The ABO blood group system, firstly discovered by a Viennese pathologist (Karl Landsteiner) in 1901, consists of 4 different categories including A, B, AB, and O types. It is well known that the four phenotypes result from the variable combinations of three main alleles (two co-dominant A and B and one recessive O), which is controlled by a single gene on chromosome 9 (9q34.2). Consequently, different ABO antigens are expressed on the extracellular surface of red blood cells (RBCs), achieving characteristic RBCs in different blood types. For example, RBCs in Type A and Type B possess an A antigen and a B antigen on their cellular surfaces, respectively, whereas RBCs in Type AB have both A and B on the surface of them [1]. In clinical practice, it is of extremely importance to identify ABO blood types due to the fact that the fatal intravascular transfusion reaction may be caused by erroneous transfusions of ABO-incompatible RBCs [2]. Recently, growing evidences have demonstrated the potential association between ABO blood types and infectious diseases (e.g. plasmodium falciparum malaria, vibrio cholerae infections and echerichia coli infection), cardiovascular disease (e.g. venous thromboembolism, myocardial infarction, ischemic stroke, and peripheral arterial disease), and other diseases (e.g. parkinson's disease and incident cognitive impairment). Especially, other epidemiological studies have discovered that ABO blood types are also associated with the risk of developing certain cancer. For instance, people with blood Type A were found to have an increased risk of gastric cancer, and O blood type has a protective effect against pancreatic cancer [1]. Current standard blood typing methods such as the absorption–elution assay, absorption–inhibition assay and mixed cell agglutination reaction (MCAR), is commonly carried out through murine monoclonal reagents to determinate the presence or absence of ABO antigens on the RBCs. However, those methods suffer the disadvantage of requiring precious exogenous reagents, and subjective determination of the hemagglutination phenomenon [3, 4]. Therefore, development of a label-free, objective, sensitive and convenient detection technique would be of imperative clinical value to identify different blood types via RBCs analysis.
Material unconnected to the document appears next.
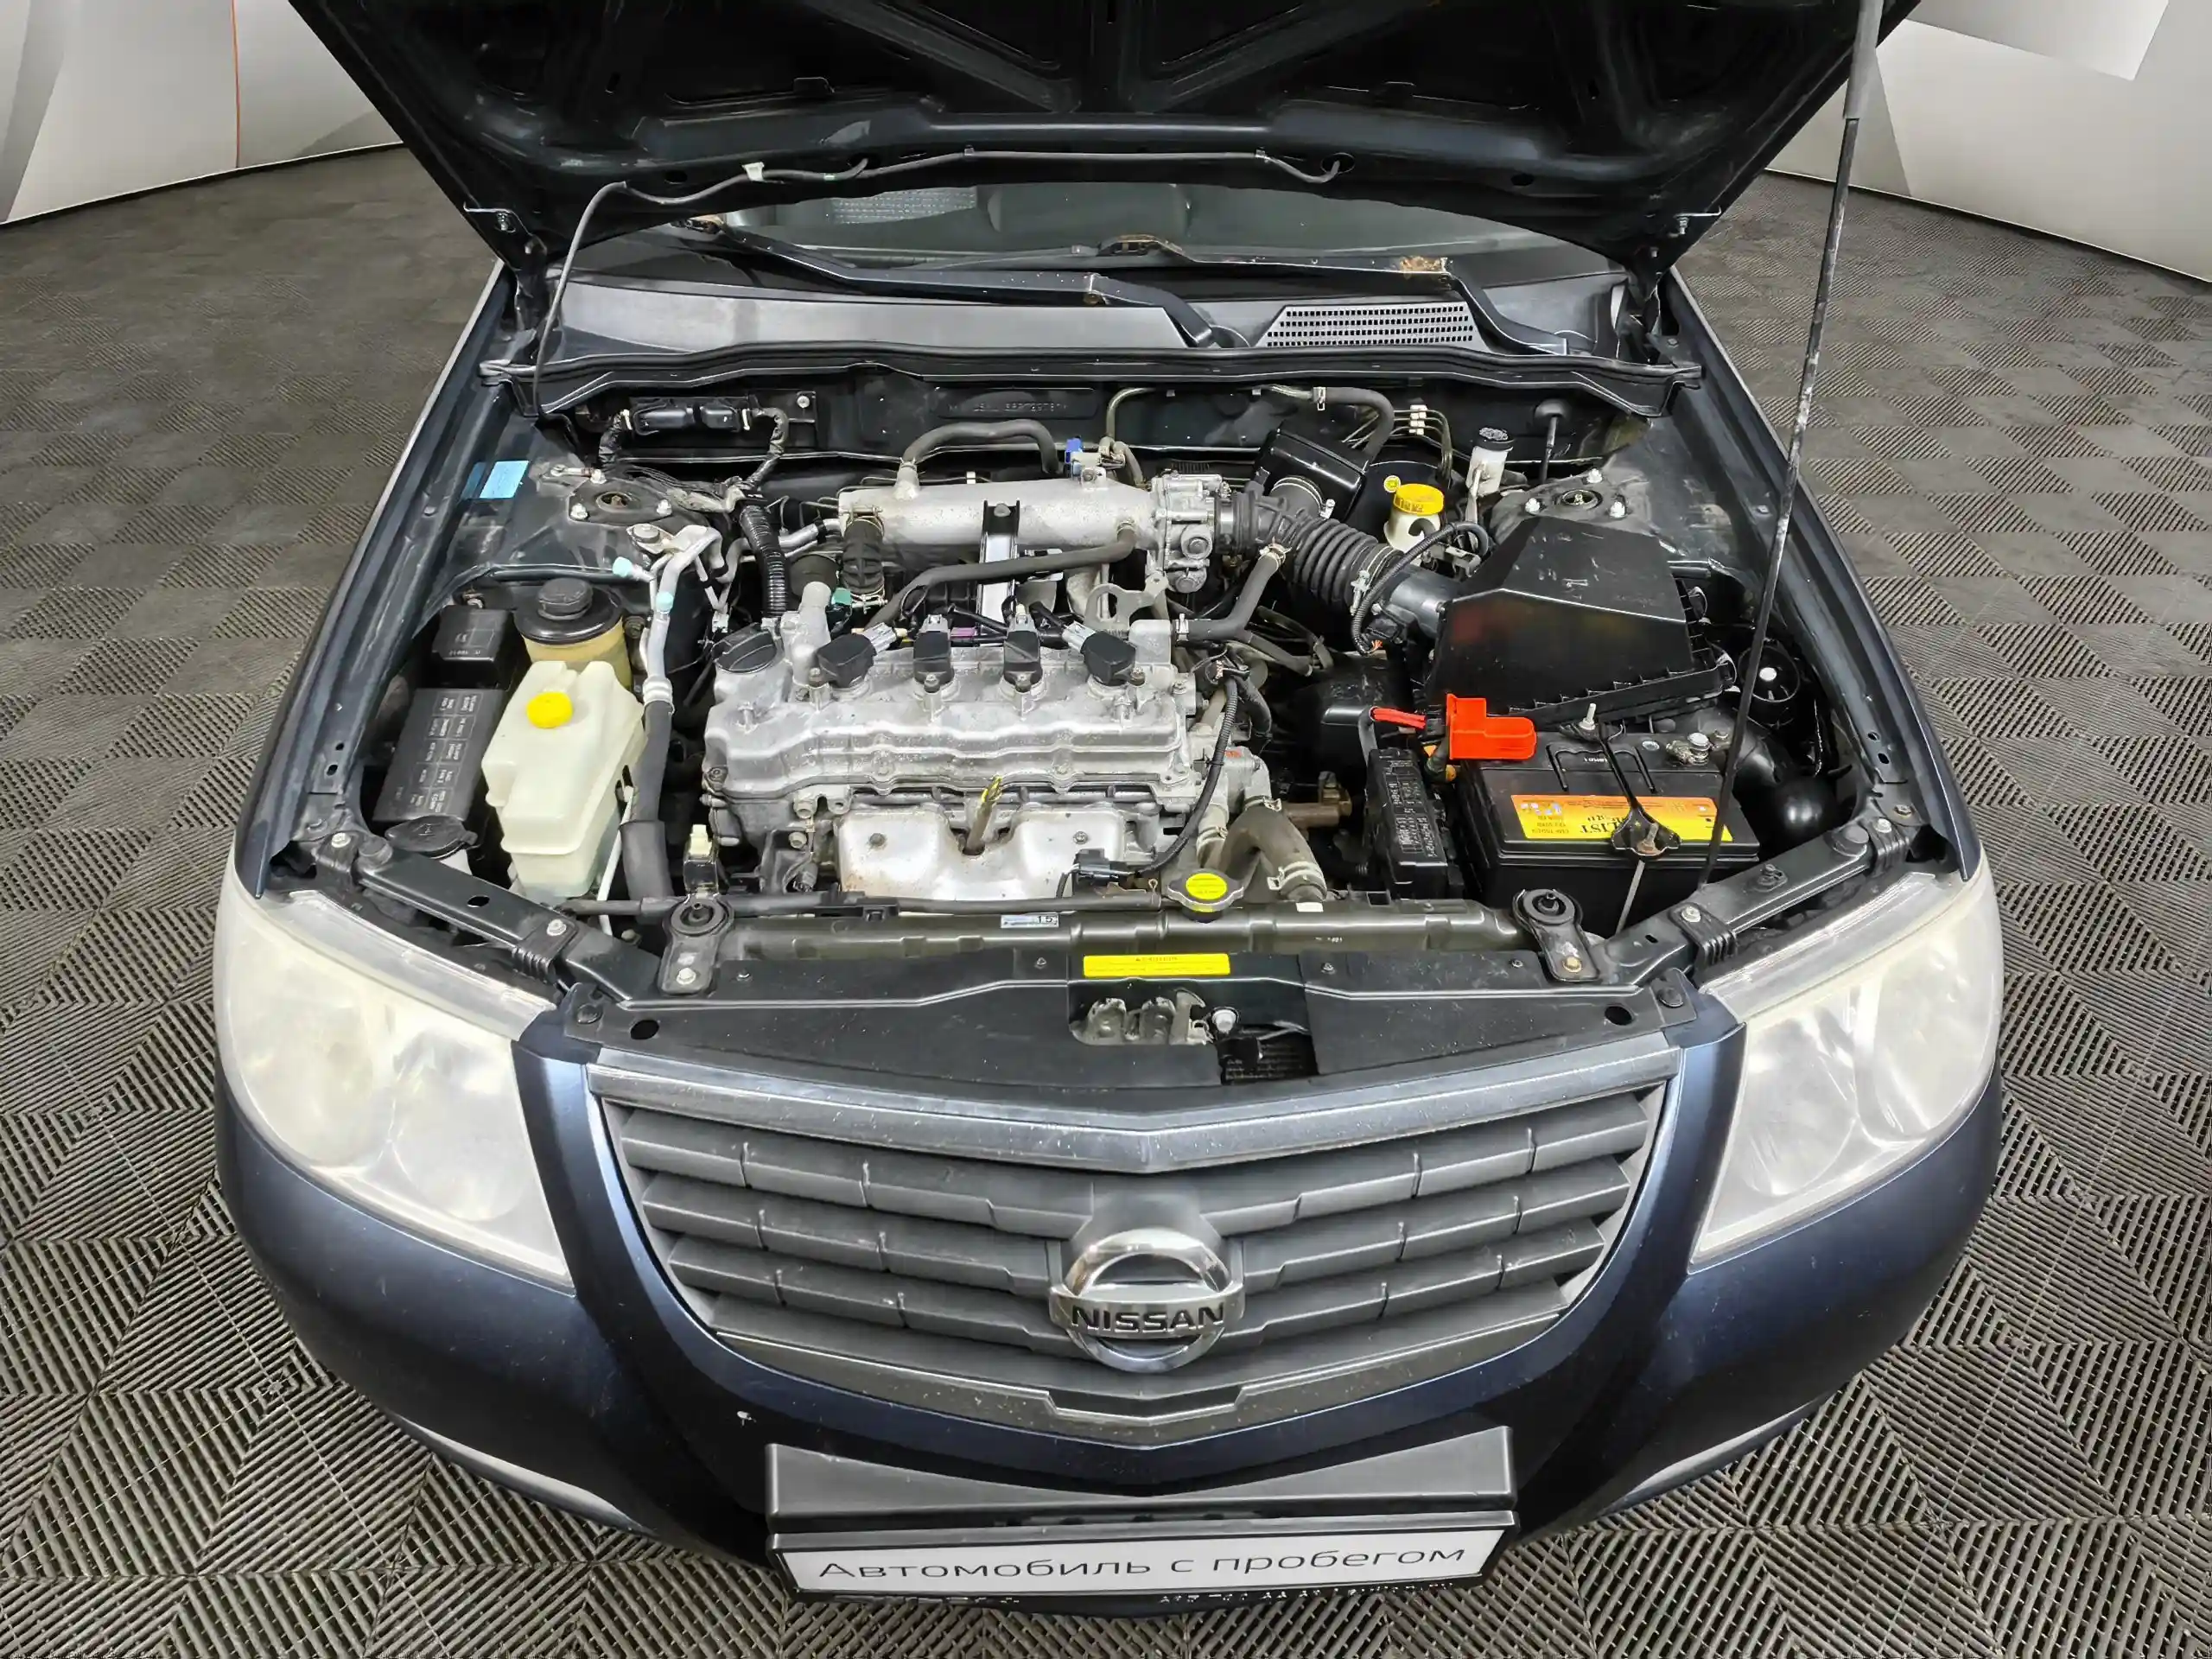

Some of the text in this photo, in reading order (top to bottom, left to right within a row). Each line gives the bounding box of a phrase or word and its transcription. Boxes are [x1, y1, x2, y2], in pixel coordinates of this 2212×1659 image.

[1071, 1303, 1224, 1332] NISSAN
[819, 1548, 1465, 1578] Автомобиль с пробегом
Raman spectroscopy (RS) based on inelastic scattering is a noninvasive and sensitive optical analytical technology, which is capable of providing biochemical “fingerprint” information of biological sample, since the shifted energy of the incident light corresponds to characteristic vibration of different molecular bonds. Recently, RS technology has been widely used to detect biological samples, ranging from macromolecules, cells, body fluid to tissues samples, for biomedical applications. Notably, RS has attracted considerable interest as a powerful tool in the study of living cells, since water exhibits no Raman spectral signals in the “fingerprint” region, making RS extreme suitable for cells detection within liquid environment [5, 6]. Nevertheless, there are also some limitations associated with conventional living cell RS detection. For instance, it is impractical to precisely monitor dynamic characteristics of single living cell over a long period by RS due to the Brownian motion of the cells in an aqueous solution. Immobilization of cells on a substrate by physical or chemical approaches would be an alternative way to solve the limitation, however this procedure may perturb cellular biology, and make it challenging to acquire cell Raman signals above the background signal generated from the surface [7, 8].
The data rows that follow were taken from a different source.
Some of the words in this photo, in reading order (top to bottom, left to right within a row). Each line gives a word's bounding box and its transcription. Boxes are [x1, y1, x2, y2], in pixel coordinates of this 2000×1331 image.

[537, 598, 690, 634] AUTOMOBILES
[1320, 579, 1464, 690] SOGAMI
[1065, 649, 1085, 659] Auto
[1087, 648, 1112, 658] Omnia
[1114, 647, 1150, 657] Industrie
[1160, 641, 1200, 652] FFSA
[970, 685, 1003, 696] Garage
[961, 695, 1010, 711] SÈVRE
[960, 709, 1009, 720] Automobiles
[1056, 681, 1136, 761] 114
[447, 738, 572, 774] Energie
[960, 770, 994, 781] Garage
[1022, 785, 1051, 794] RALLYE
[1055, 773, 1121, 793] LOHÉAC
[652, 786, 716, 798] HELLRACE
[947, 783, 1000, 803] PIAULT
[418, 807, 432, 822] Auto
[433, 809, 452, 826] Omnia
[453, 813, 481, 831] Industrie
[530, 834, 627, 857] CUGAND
The above drawbacks of conventional RS technique can be overcome by the advent of laser tweezers Raman spectroscopy (LTRS) technology, which combines laser trapping and micro Raman spectroscopy to achieve trapping, manipulation, and biomolecular fingerprinting of single cell. The use of LTRS enables an individual cell to be optically immobilized in a laser trap away from any substrates generated by a focused laser beam, and the Raman signals are acquired using the same laser, simultaneously, providing a unique opportunity to achieving label-free, rapid, nondestructive and objective analysis of living cells [8]. For example, Ahlawat et. al reported on the use of LTRS for label free analysis of cell cycle (human colon adenocarcinoma cells synchronized in G0/G1 and G2/M phases) using the DNA Raman band at 783 cm−1 as a indicator of the DNA content in the nucleus [9]. Also, the LTRS was successfully used for single cancer cell detection, and the cancer groups could be accurately discriminated from the normal groups based on characteristic Raman signals generated from DNA/RNA and proteins [10, 11]. Beyond that, many studies have demonstrated the applications of LTRS in RBCs detection. Raj et. al presented the Raman spectra of RBC at different stretched states using LTRS, and found that mechanical deformation of the cell mainly affect the hemoglobin [12]. Additionally, a spectral comparison of normal and thalassemic RBCs via LTRS revealed that thalassemic RBCs had a reduced oxygenation capability of hemoglobin, and the two types of cells also presented different responses to photo-induced oxidative stress [13]. Other investigations on deoxygenation of RBCs induced by optical trap, and the characteristics of Plasmodium vivax infected RBCs using LTRS were carried out using LTRS by Gupta’s group [14, 15]. However, to the best of our knowledge, the potential of LTRS technique for identification and analysis of RBCs from different ABO blood types has not been assessed for blood type determination.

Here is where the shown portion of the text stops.